[RECORDS TO PROCESS Boundary: Start]

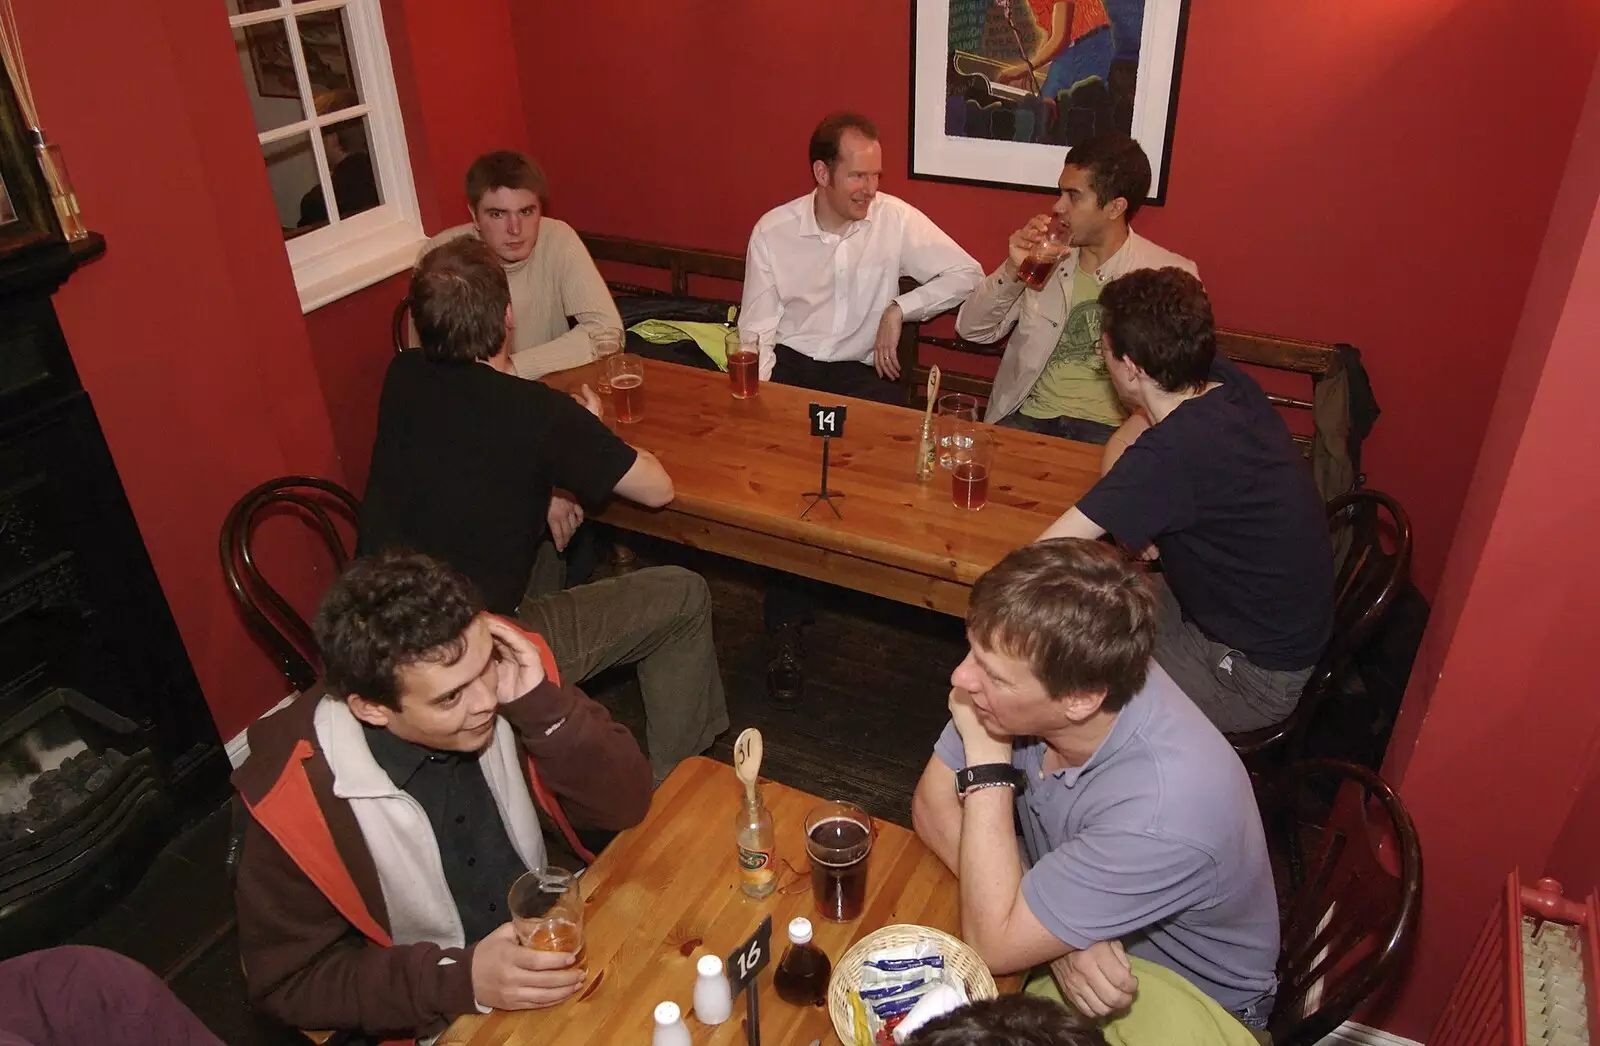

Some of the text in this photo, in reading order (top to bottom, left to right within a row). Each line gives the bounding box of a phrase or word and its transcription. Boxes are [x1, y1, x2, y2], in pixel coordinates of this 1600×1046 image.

[816, 410, 836, 432] 14
[738, 737, 752, 766] 31
[737, 940, 761, 980] 16
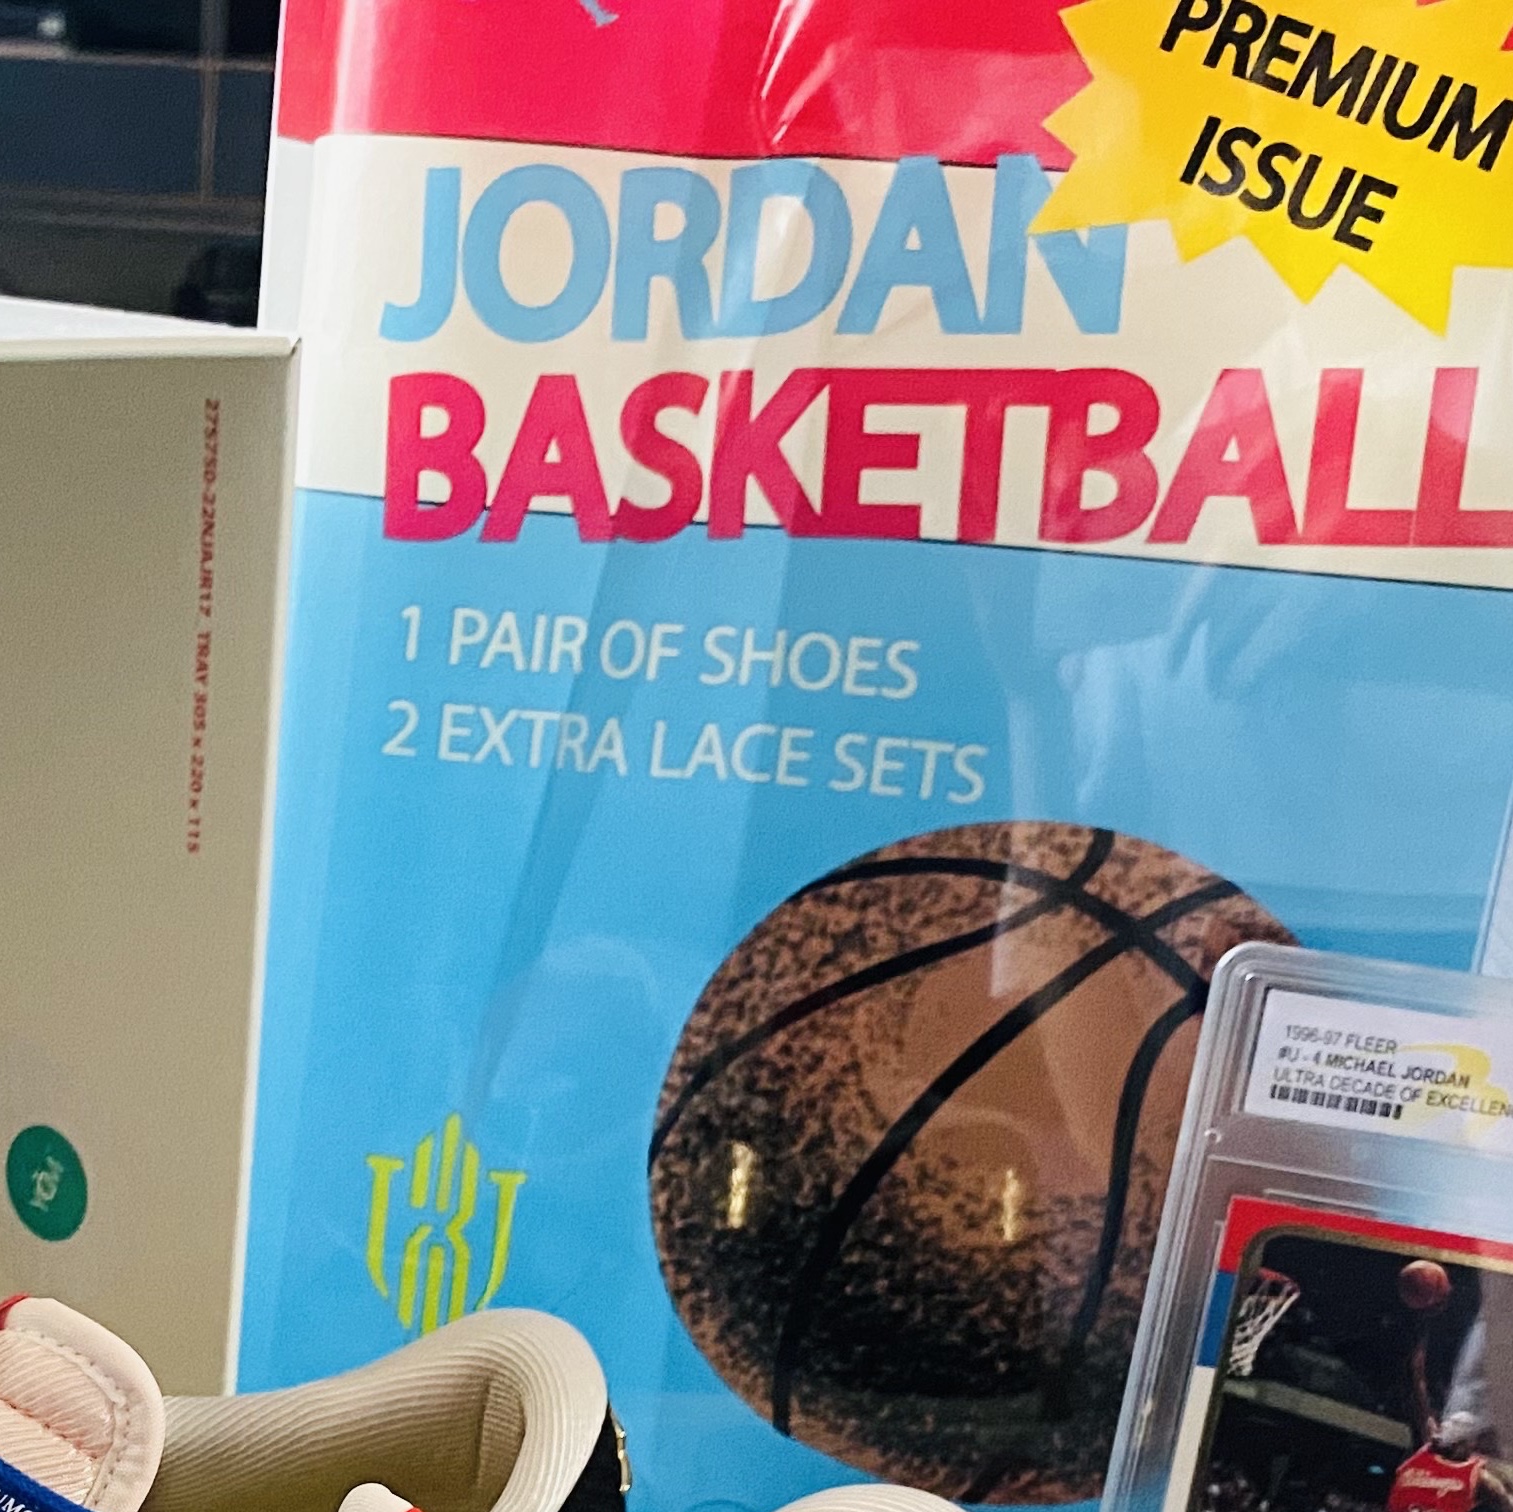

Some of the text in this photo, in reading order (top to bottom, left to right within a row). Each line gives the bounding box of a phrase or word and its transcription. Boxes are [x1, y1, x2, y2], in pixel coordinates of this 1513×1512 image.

[1159, 0, 1513, 172] PREMIUM
[1179, 115, 1399, 252] ISSUE
[379, 153, 1127, 342] JORDAN
[382, 366, 1513, 546] BASKETBALL
[194, 631, 212, 685] TRAY
[400, 606, 921, 699] 1 PAIR OF SHOES
[193, 691, 208, 731] 305
[190, 754, 205, 793] 220
[381, 700, 989, 804] 2 EXTRA LACE SETS
[187, 817, 201, 853] 115
[1344, 1033, 1398, 1054] FLEER
[1272, 1067, 1325, 1087] ULTRA
[1328, 1075, 1397, 1100] DECADE
[1399, 1086, 1422, 1103] OF
[1325, 1054, 1397, 1079] MICHAEL
[1400, 1066, 1471, 1089] JORDAN
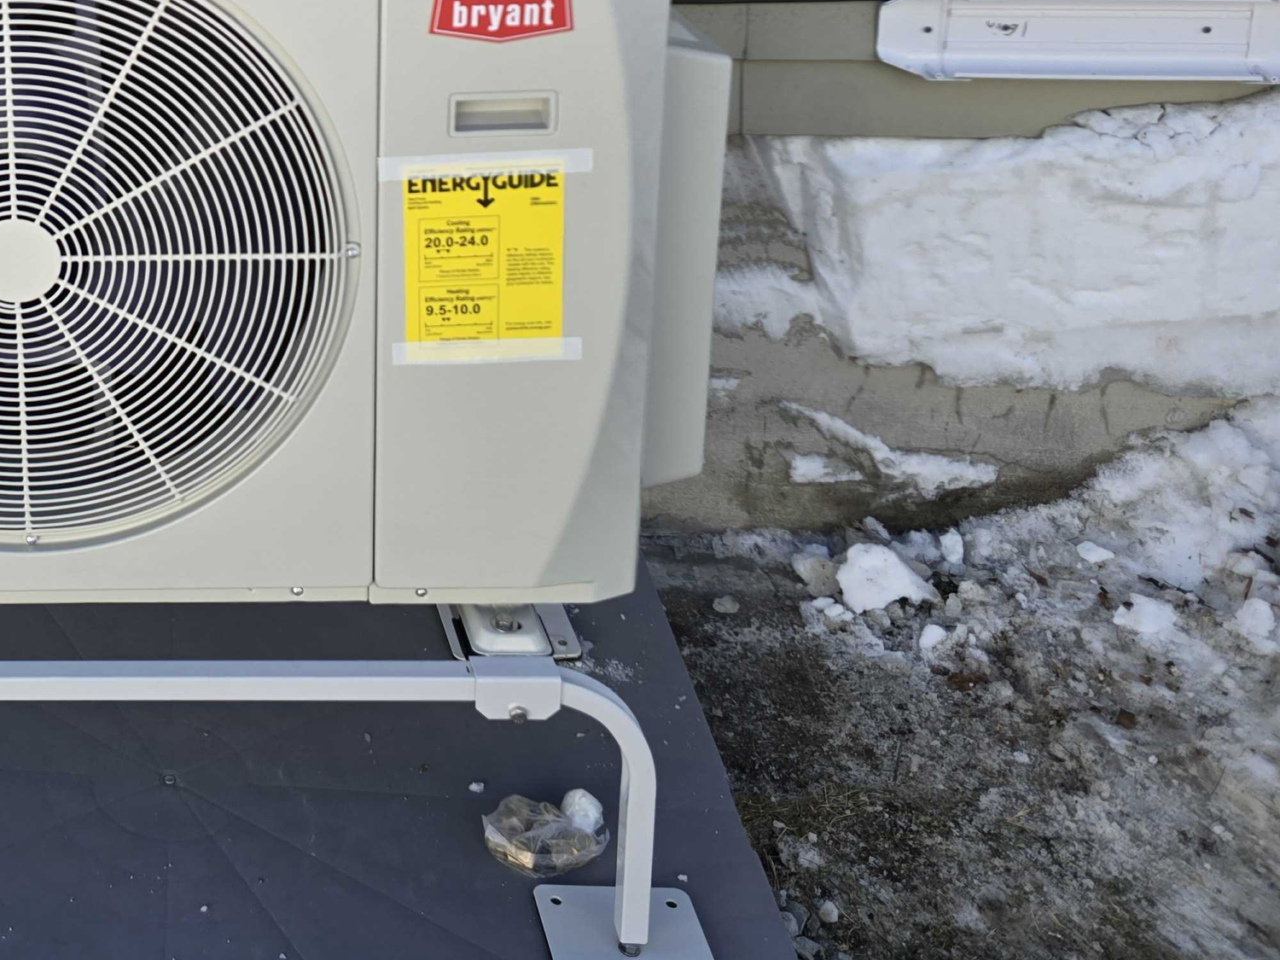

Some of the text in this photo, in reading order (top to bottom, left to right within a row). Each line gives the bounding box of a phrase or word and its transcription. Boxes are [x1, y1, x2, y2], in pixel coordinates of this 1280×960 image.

[452, 0, 554, 31] bryant
[424, 228, 454, 236] Efficiency
[456, 226, 476, 235] Rating
[424, 234, 489, 248] 20.0-24.0
[424, 295, 454, 304] Efficiency
[456, 294, 476, 303] Rating
[426, 303, 481, 316] 9.5-10.0
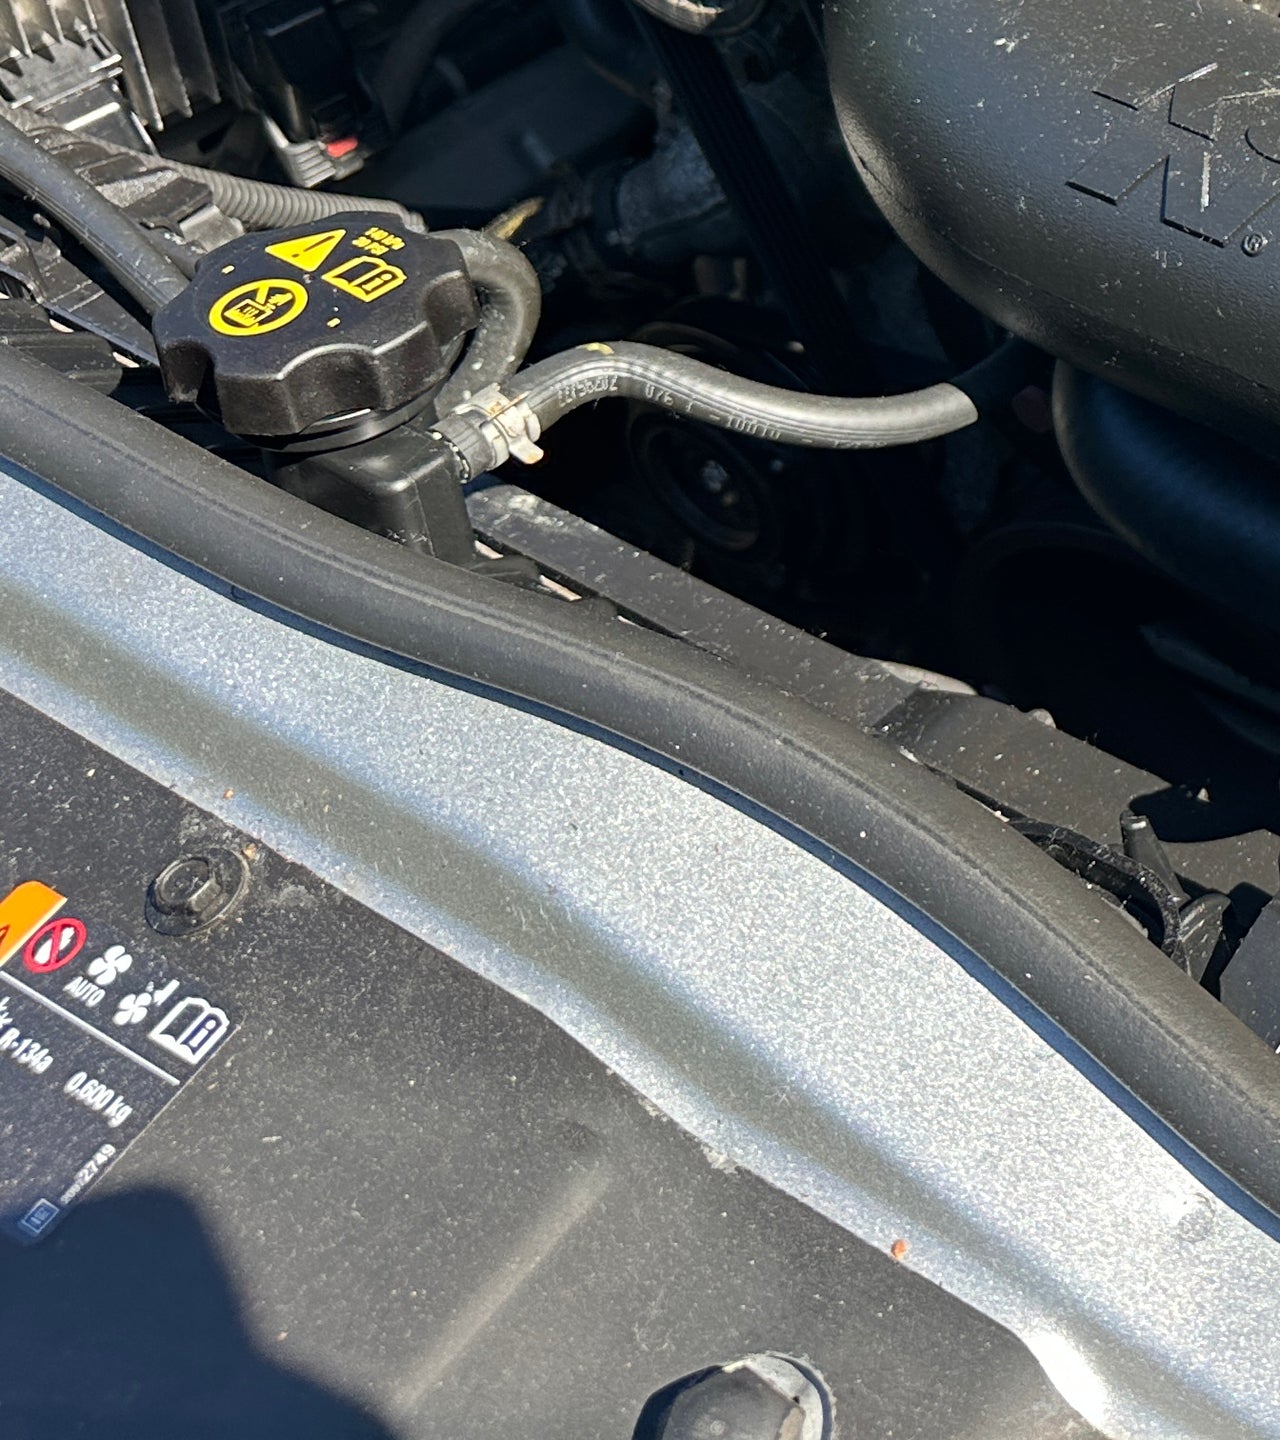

[RECORDS TO PROCESS Boundary: End]

TASK OBJECTIVE: An exact repeat of the listing above, pictures excluded, is the answer.

EXERCISE SOLUTION:
Some of the text in this photo, in reading order (top to bottom, left to right within a row). Each line gives the bounding box of a phrase or word and its transcription. Boxes are [x1, y1, x2, y2], in pixel coordinates of this 1600×1046 image.

[816, 410, 836, 432] 14
[738, 737, 752, 766] 31
[737, 940, 761, 980] 16

Some of the text in this photo, in reading order (top to bottom, left to right within a row). Each line gives the bounding box of a phrase or word and its transcription. Boxes are [x1, y1, x2, y2], in pixel coordinates of this 1513×1512 image.

[1159, 0, 1513, 172] PREMIUM
[1179, 115, 1399, 252] ISSUE
[379, 153, 1127, 342] JORDAN
[382, 366, 1513, 546] BASKETBALL
[194, 631, 212, 685] TRAY
[400, 606, 921, 699] 1 PAIR OF SHOES
[193, 691, 208, 731] 305
[190, 754, 205, 793] 220
[381, 700, 989, 804] 2 EXTRA LACE SETS
[187, 817, 201, 853] 115
[1344, 1033, 1398, 1054] FLEER
[1272, 1067, 1325, 1087] ULTRA
[1328, 1075, 1397, 1100] DECADE
[1399, 1086, 1422, 1103] OF
[1325, 1054, 1397, 1079] MICHAEL
[1400, 1066, 1471, 1089] JORDAN

Some of the text in this photo, in reading order (top to bottom, left to right within a row). Each line gives the bounding box of a phrase or word and its transcription. Boxes are [x1, y1, x2, y2], in pixel coordinates of this 1280×960 image.

[452, 0, 554, 31] bryant
[424, 228, 454, 236] Efficiency
[456, 226, 476, 235] Rating
[424, 234, 489, 248] 20.0-24.0
[424, 295, 454, 304] Efficiency
[456, 294, 476, 303] Rating
[426, 303, 481, 316] 9.5-10.0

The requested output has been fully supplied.